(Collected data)
········

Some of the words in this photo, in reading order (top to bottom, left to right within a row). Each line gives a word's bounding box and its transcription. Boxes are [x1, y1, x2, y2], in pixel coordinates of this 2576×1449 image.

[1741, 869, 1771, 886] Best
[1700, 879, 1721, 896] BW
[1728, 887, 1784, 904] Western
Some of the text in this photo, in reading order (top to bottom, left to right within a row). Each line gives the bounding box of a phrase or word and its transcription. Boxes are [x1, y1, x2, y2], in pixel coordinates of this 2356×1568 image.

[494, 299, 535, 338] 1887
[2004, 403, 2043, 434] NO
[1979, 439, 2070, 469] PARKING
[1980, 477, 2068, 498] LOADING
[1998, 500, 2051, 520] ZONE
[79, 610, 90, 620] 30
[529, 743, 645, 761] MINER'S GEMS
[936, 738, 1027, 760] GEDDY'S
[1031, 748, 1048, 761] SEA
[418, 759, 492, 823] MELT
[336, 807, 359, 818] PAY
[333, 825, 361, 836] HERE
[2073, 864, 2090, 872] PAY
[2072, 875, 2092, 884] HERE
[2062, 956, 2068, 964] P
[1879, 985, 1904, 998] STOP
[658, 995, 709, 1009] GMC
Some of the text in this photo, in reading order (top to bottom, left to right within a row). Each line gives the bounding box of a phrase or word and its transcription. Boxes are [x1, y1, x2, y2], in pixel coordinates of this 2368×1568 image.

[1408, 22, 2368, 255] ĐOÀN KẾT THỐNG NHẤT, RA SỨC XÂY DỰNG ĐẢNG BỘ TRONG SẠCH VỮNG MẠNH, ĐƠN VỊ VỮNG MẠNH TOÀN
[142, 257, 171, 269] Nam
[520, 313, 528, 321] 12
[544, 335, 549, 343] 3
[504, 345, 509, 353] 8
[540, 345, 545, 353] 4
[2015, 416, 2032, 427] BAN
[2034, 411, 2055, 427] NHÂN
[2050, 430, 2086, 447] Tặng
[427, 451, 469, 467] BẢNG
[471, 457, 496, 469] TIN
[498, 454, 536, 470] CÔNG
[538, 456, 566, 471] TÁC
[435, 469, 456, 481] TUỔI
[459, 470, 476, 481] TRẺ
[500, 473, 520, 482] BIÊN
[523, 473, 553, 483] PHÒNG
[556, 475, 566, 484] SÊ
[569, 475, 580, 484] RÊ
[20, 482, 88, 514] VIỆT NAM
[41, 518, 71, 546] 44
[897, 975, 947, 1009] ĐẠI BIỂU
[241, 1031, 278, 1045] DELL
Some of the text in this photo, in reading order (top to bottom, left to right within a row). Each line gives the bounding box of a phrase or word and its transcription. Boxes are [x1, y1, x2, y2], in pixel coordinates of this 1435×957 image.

········

Each entry is to be output exactly as it was written.

Some of the words in this photo, in reading order (top to bottom, left to right within a row). Each line gives a word's bounding box and its transcription. Boxes are [x1, y1, x2, y2], in pixel coordinates of this 2576×1449 image.

[1741, 869, 1771, 886] Best
[1700, 879, 1721, 896] BW
[1728, 887, 1784, 904] Western
Some of the text in this photo, in reading order (top to bottom, left to right within a row). Each line gives the bounding box of a phrase or word and its transcription. Boxes are [x1, y1, x2, y2], in pixel coordinates of this 2356×1568 image.

[494, 299, 535, 338] 1887
[2004, 403, 2043, 434] NO
[1979, 439, 2070, 469] PARKING
[1980, 477, 2068, 498] LOADING
[1998, 500, 2051, 520] ZONE
[79, 610, 90, 620] 30
[529, 743, 645, 761] MINER'S GEMS
[936, 738, 1027, 760] GEDDY'S
[1031, 748, 1048, 761] SEA
[418, 759, 492, 823] MELT
[336, 807, 359, 818] PAY
[333, 825, 361, 836] HERE
[2073, 864, 2090, 872] PAY
[2072, 875, 2092, 884] HERE
[2062, 956, 2068, 964] P
[1879, 985, 1904, 998] STOP
[658, 995, 709, 1009] GMC
Some of the text in this photo, in reading order (top to bottom, left to right within a row). Each line gives the bounding box of a phrase or word and its transcription. Boxes are [x1, y1, x2, y2], in pixel coordinates of this 2368×1568 image.

[1408, 22, 2368, 255] ĐOÀN KẾT THỐNG NHẤT, RA SỨC XÂY DỰNG ĐẢNG BỘ TRONG SẠCH VỮNG MẠNH, ĐƠN VỊ VỮNG MẠNH TOÀN
[142, 257, 171, 269] Nam
[520, 313, 528, 321] 12
[544, 335, 549, 343] 3
[504, 345, 509, 353] 8
[540, 345, 545, 353] 4
[2015, 416, 2032, 427] BAN
[2034, 411, 2055, 427] NHÂN
[2050, 430, 2086, 447] Tặng
[427, 451, 469, 467] BẢNG
[471, 457, 496, 469] TIN
[498, 454, 536, 470] CÔNG
[538, 456, 566, 471] TÁC
[435, 469, 456, 481] TUỔI
[459, 470, 476, 481] TRẺ
[500, 473, 520, 482] BIÊN
[523, 473, 553, 483] PHÒNG
[556, 475, 566, 484] SÊ
[569, 475, 580, 484] RÊ
[20, 482, 88, 514] VIỆT NAM
[41, 518, 71, 546] 44
[897, 975, 947, 1009] ĐẠI BIỂU
[241, 1031, 278, 1045] DELL
Some of the text in this photo, in reading order (top to bottom, left to right within a row). Each line gives the bounding box of a phrase or word and its transcription. Boxes are [x1, y1, x2, y2], in pixel coordinates of this 1435×957 image.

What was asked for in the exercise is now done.